Exercise data:
++++

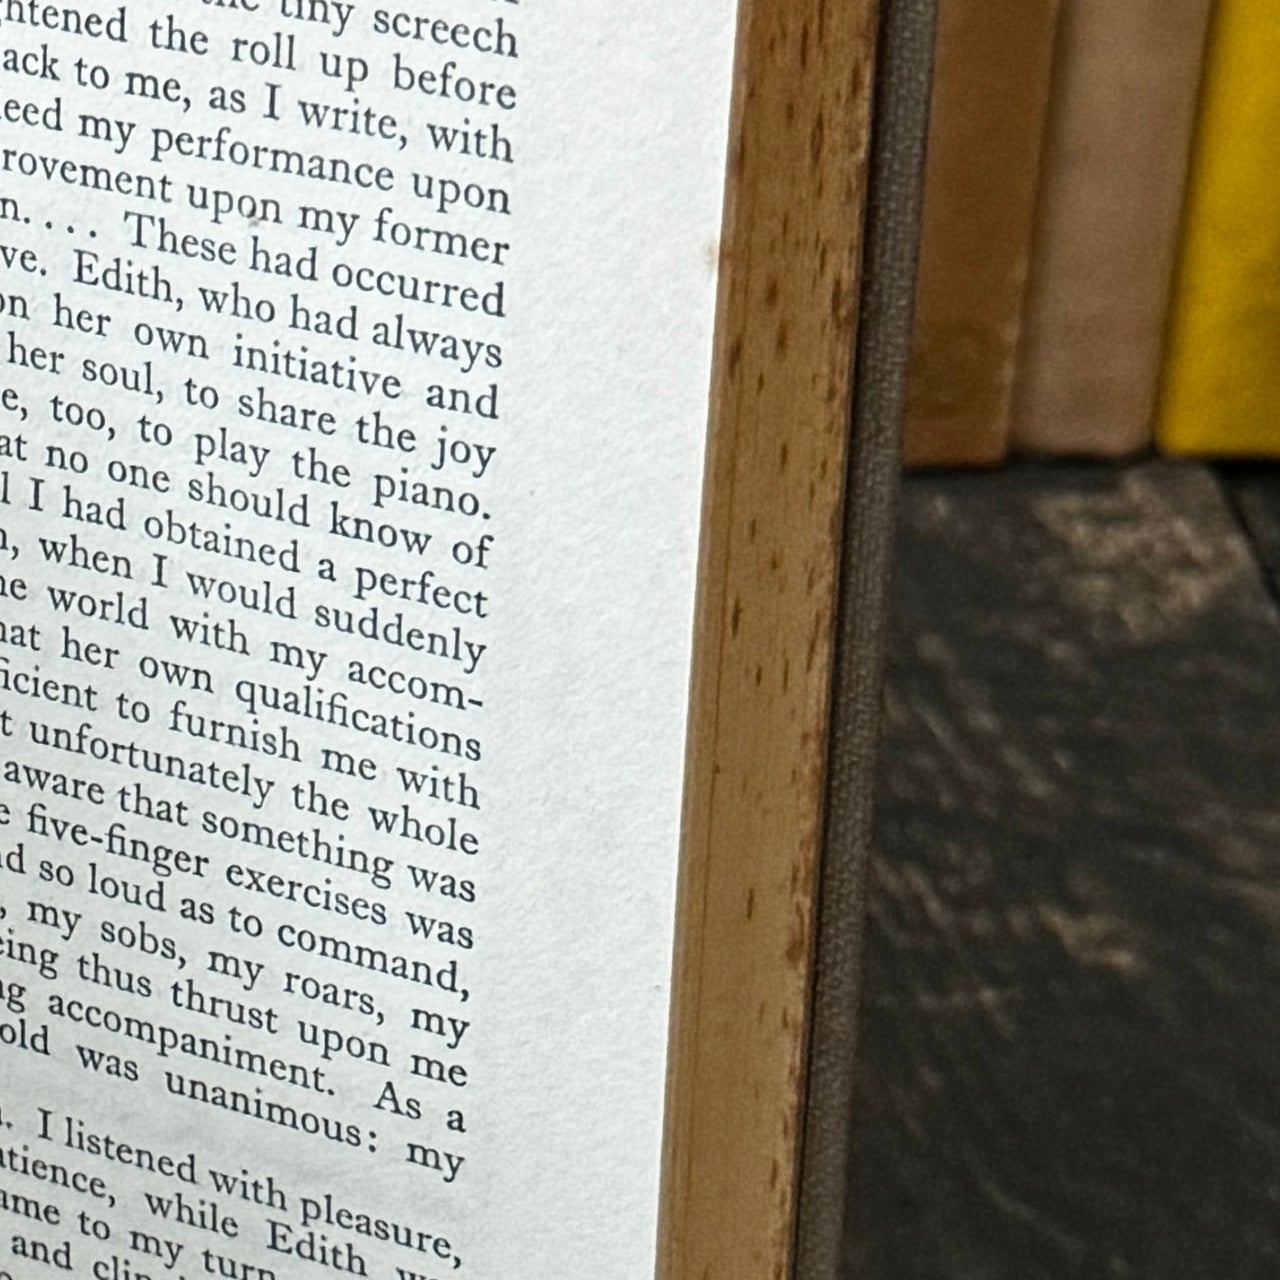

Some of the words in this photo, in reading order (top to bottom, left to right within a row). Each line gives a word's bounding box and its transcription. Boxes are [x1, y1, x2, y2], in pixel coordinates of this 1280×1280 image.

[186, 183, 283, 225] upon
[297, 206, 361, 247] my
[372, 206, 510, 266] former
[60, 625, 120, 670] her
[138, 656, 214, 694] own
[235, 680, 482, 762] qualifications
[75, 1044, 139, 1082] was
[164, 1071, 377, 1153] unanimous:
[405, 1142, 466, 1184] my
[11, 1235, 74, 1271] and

++++

Your instructions:
Give back the whole listing exactly; no pictures.

Exercise response:
Some of the words in this photo, in reading order (top to bottom, left to right within a row). Each line gives a word's bounding box and its transcription. Boxes are [x1, y1, x2, y2], in pixel coordinates of this 1280×1280 image.

[186, 183, 283, 225] upon
[297, 206, 361, 247] my
[372, 206, 510, 266] former
[60, 625, 120, 670] her
[138, 656, 214, 694] own
[235, 680, 482, 762] qualifications
[75, 1044, 139, 1082] was
[164, 1071, 377, 1153] unanimous:
[405, 1142, 466, 1184] my
[11, 1235, 74, 1271] and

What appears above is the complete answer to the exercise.